De pronto, un líquido blanco y viscoso comenzó a brotar del interior de Hómbibo. Mientras esa sustancia envolvía a Chip, el armazón de bambú de Hómbibo —esos colores rojos y naranjas— quedó hueco, como un caparazón vacío. Hómbibo se había transformado en una masa líquida y elástica que mantenía a Chip inmovilizado contra el suelo.
—¡JAJAJA! ¿Qué te parece? ¡No tienes escapatoria! —la voz de Hómbibo resonaba desde la masa blanca.
—¿Eso crees? —comentó Chip.
Chip forcejeó. Intentó usar su fuerza física, pero sus extremidades y todo su cuerpo estaban soldados al suelo por la viscosidad del pegamento viviente. Podría haber usado su telequinesis al máximo para librarse, pero decidió contenerse.
—Vamos, solo di que te rindes —le instó Hómbibo.
—Me rindo —susurró Chip, al no querer revelar más de su poder oculto.
—¡SÍ! ¡Gané! —celebró Hómbibo, soltando a Chip y regresando rápidamente a su cuerpo vacío con forma de bambú.
—¡Oye! ¡Eso es trampa! —protestó Hombar desde la orilla.
—En absoluto —lo corrigió Homjo—. Hómbibo usó su verdadera forma para asegurar la victoria.
—¿En serio se podía hacer eso? ¡En ese caso yo también habría ganado! —gruñó Hombar.
—Pero no lo hiciste. Así que cálmate —respondió Hómbibo con aires de triunfo.
—Te... felicito... Hómbibo... —murmuró Hompel, aunque nadie pareció escucharlo.
—Tch... tramposo... —susurró Hombar para sí mismo.
—¿¿Qué dijiste?? ¡JAJAJA! El punto es que ¡¡GANÉ!! ¡¡SOY EL MÁS GENIAL Y MÁS VELOZ DE AQUÍ!! —gritaba Hómbibo mientras saltaba de aquí para allá.

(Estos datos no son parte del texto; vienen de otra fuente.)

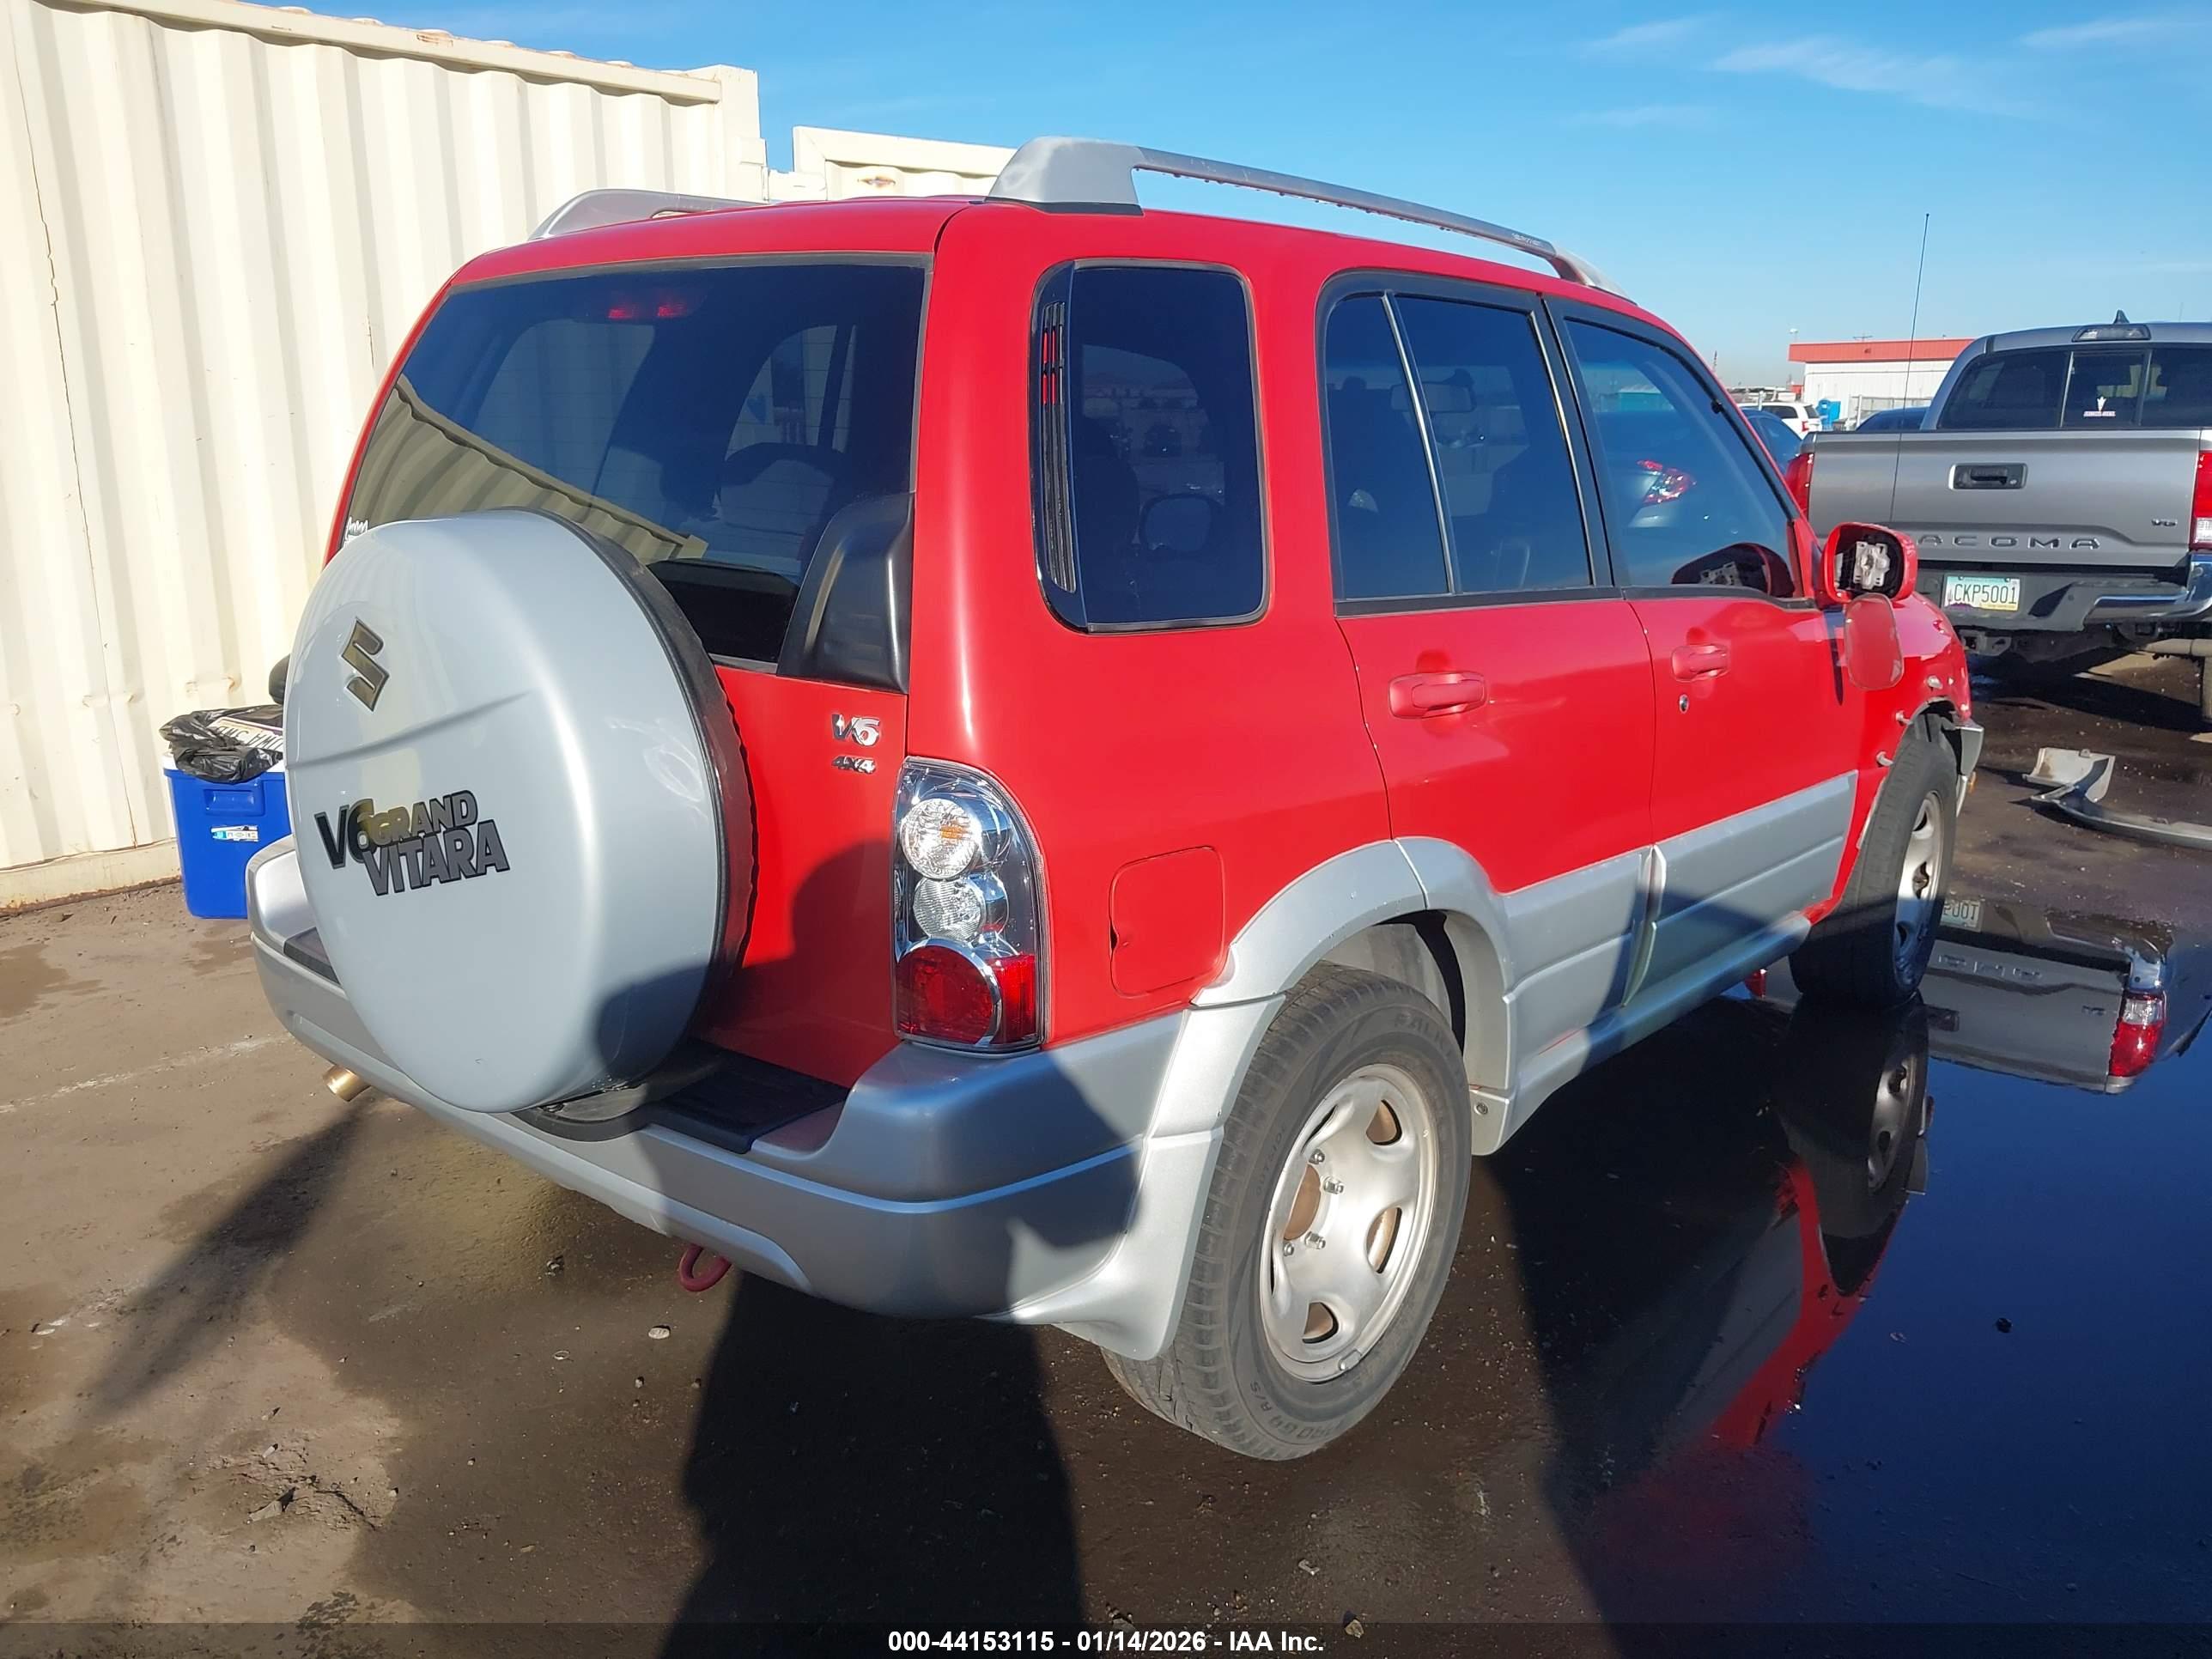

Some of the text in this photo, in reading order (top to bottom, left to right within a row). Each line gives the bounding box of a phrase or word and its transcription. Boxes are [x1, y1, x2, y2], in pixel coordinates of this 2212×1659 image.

[1954, 584, 2016, 605] CKP5001
[831, 714, 880, 746] V6
[313, 789, 478, 870] V6 GRAND
[361, 818, 511, 896] VITARA

—No niego tu victoria, Hómbibo, pero difiero en que seas el más veloz de por aquí —rebatió Homjo.
—Lo... mismo... digo —añadió Hompel.
—¿¿Así?? —desafió Hómbibo.
Los tres se acercaron para estar cara a cara.
—¡Yo soy más veloz que ustedes, Chip apenas podía tocarme! —exclamó Hómbibo.
—¿Así? ¡Pues a mí se le dificultaba esquivarme! —replicó Homjo.
—¡Yo... no... LO DEJABA REACCIONAR! —exclamó Hompel.
—Entonces… solo hay una forma de ¡¡probarlo!! ¡UNA COMPETENCIA DE VELOCIDAD! —propuso Hómbibo, emocionado—. ¡Chip y Hombar serán los jueces!
—De acuerdo —aceptó Homjo.
—Está bien... —asintió Hompel.
Estando de acuerdo los tres, empezaron a discutir dónde se haría la competencia. Descartaron correr por las copas de los árboles por sugerencia de Homjo, ya que este podría hacer trampa; también descartaron el terreno boscoso por sugerencia de Hompel, pues dijeron que la pista sería muy corta debido a la densidad de los árboles. Estaban en un bosque y buscar terreno plano les tomaría mucho tiempo; necesitaban una pista larga de inmediato. Finalmente, Hómbibo sugirió correr sobre el agua de un río cercano que era largo. Homjo y Hómbibo estuvieron de acuerdo, pero Hompel palideció ante la idea y confesó que le tenía miedo al agua. Sin embargo, fue rápidamente convencido por sus compañeros, quienes argumentaron que allí nadie tenía ventaja y que correr sobre el agua era una excelente prueba de velocidad.